▶ [RECORDS TO PROCESS]
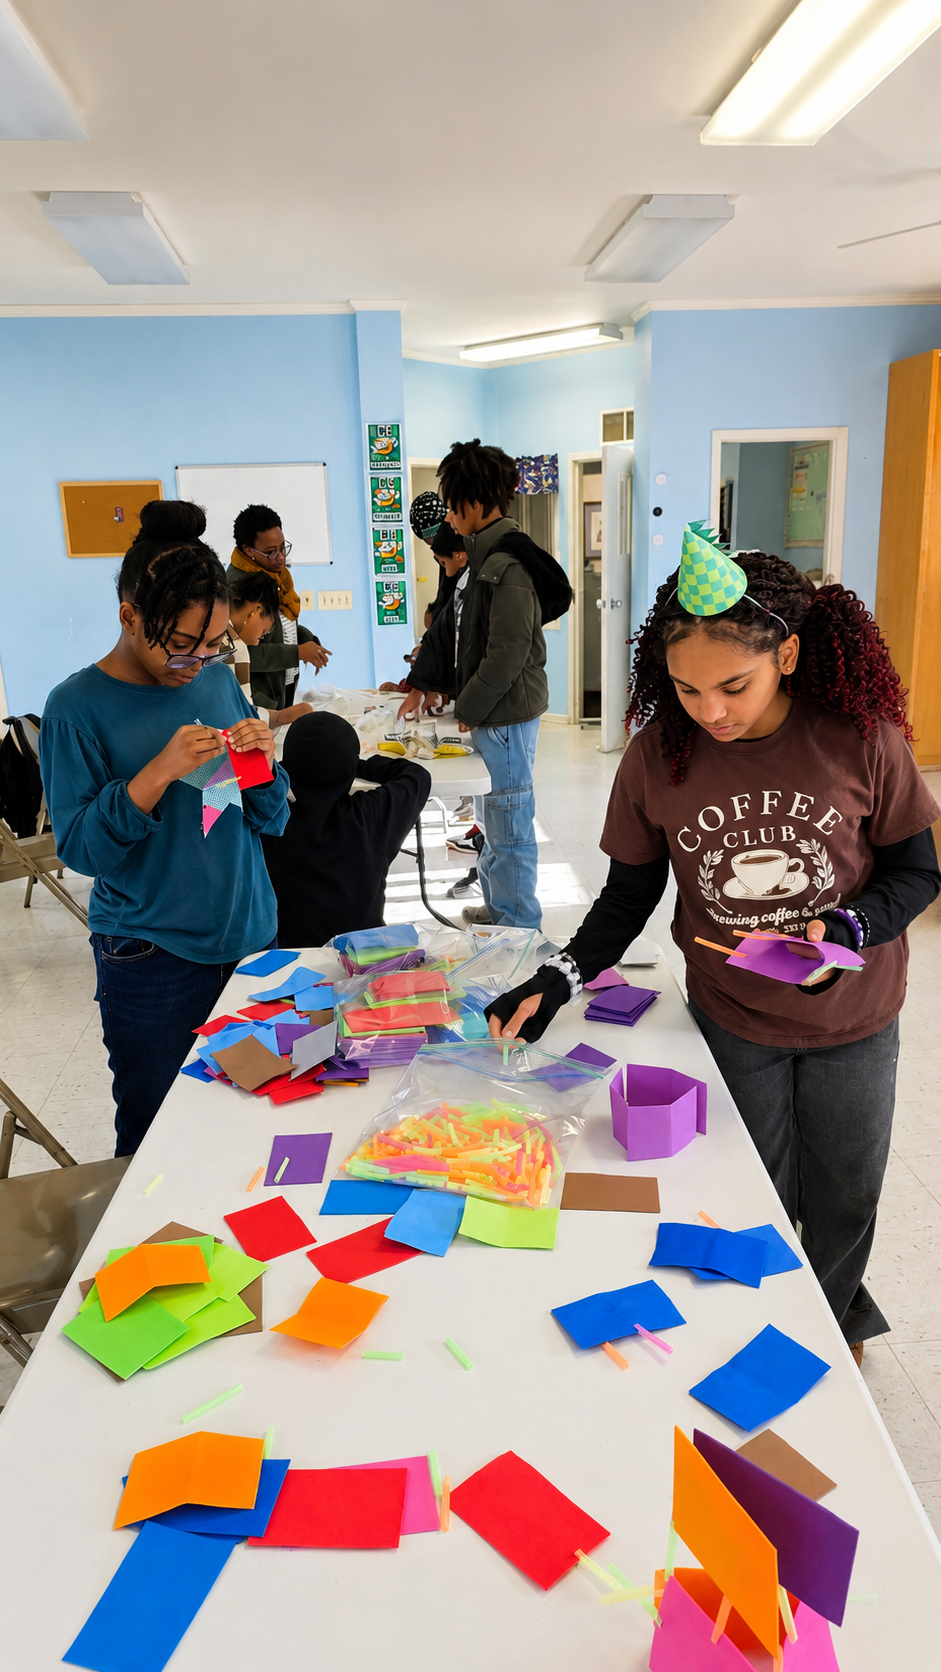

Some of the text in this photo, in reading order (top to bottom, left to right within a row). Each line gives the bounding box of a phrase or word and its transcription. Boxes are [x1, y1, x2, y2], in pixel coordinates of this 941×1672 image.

[677, 790, 843, 853] COFFEE
[723, 825, 797, 848] CLUB
[760, 907, 800, 927] coffee
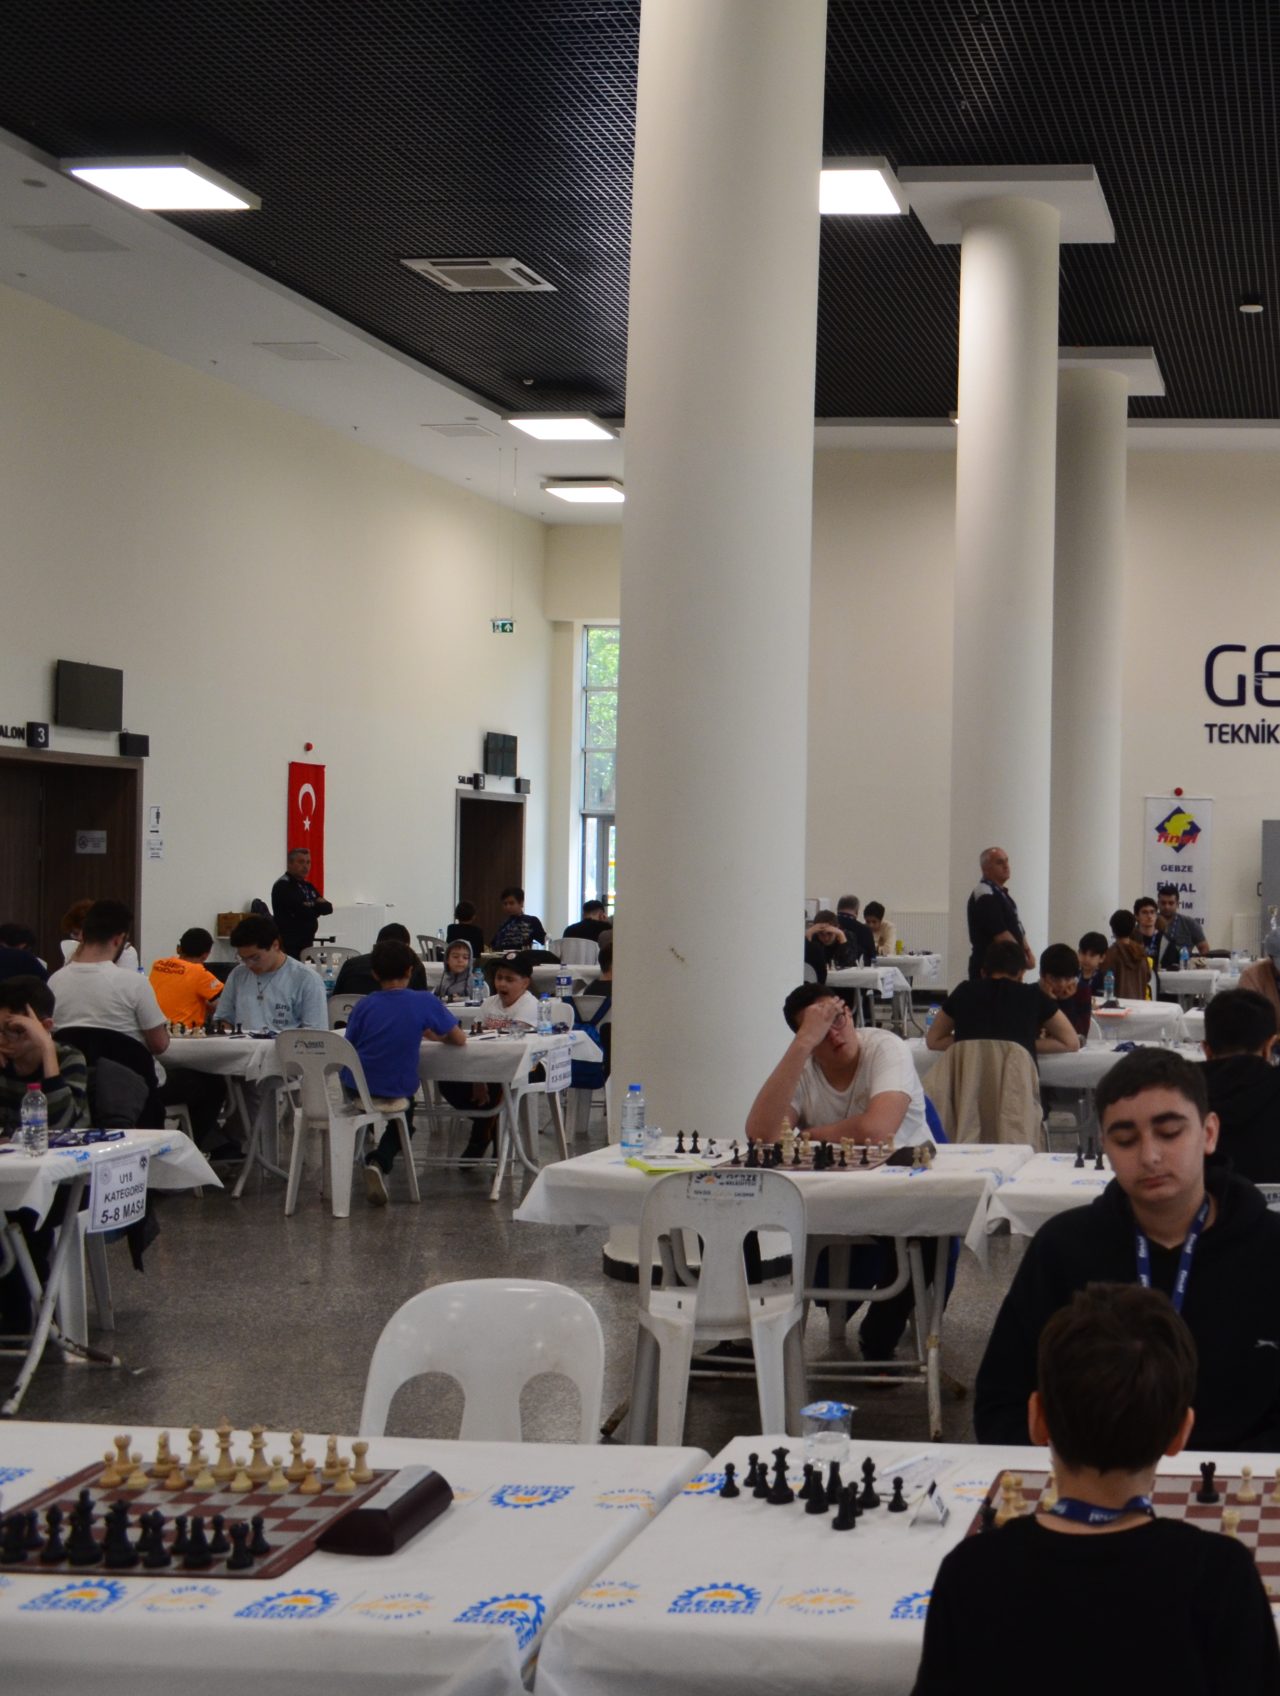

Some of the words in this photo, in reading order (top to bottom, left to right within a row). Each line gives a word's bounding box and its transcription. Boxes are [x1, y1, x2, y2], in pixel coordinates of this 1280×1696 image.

[38, 727, 46, 743] 3
[1204, 719, 1280, 744] TEKNİK
[1161, 864, 1193, 872] GEBZE
[119, 1171, 133, 1184] U18
[101, 1207, 120, 1223] 5-8
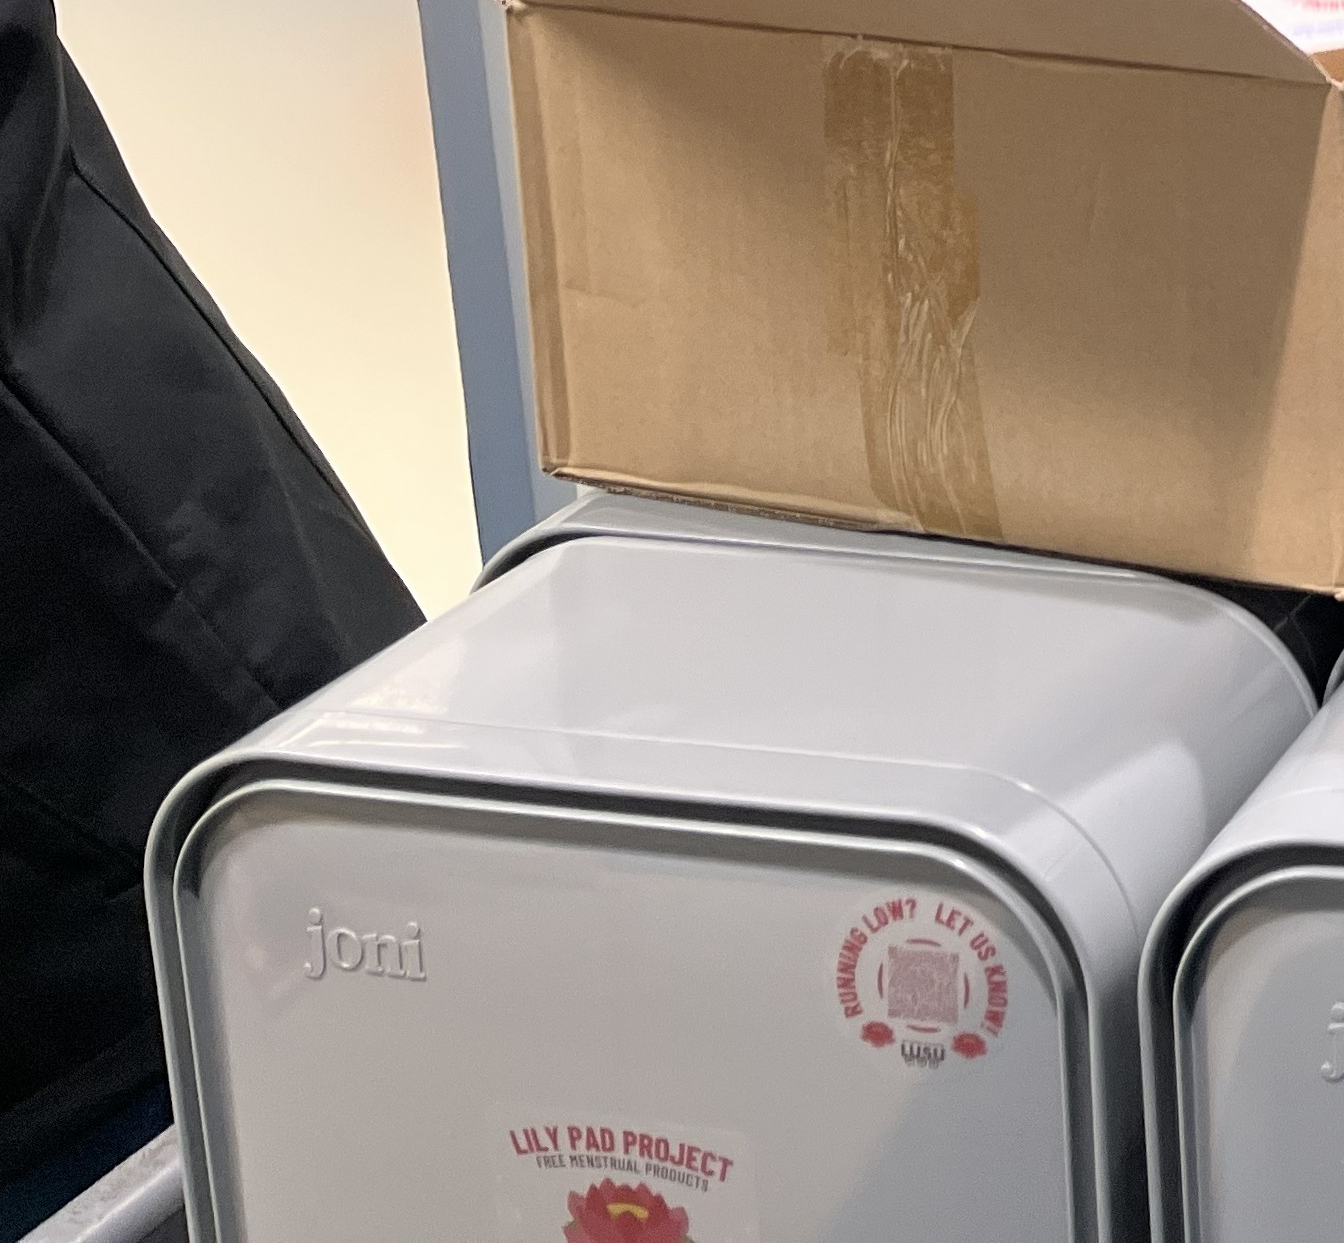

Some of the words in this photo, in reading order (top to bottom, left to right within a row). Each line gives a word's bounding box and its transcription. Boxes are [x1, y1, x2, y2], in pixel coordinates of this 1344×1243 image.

▶ [WORK INSTRUCTION] Word for word, give again the lines from the line holding "this 1280×1696 image." through the last line of the material, both included; pictures are not part of the copy.

▶ [OUTPUT BELOW]
Some of the words in this photo, in reading order (top to bottom, left to right within a row). Each line gives a word's bounding box and its transcription. Boxes are [x1, y1, x2, y2], in pixel coordinates of this 1280×1696 image.

[38, 727, 46, 743] 3
[1204, 719, 1280, 744] TEKNİK
[1161, 864, 1193, 872] GEBZE
[119, 1171, 133, 1184] U18
[101, 1207, 120, 1223] 5-8

Some of the words in this photo, in reading order (top to bottom, left to right within a row). Each line gives a word's bounding box and its transcription. Boxes are [x1, y1, x2, y2], in pixel coordinates of this 1344×1243 image.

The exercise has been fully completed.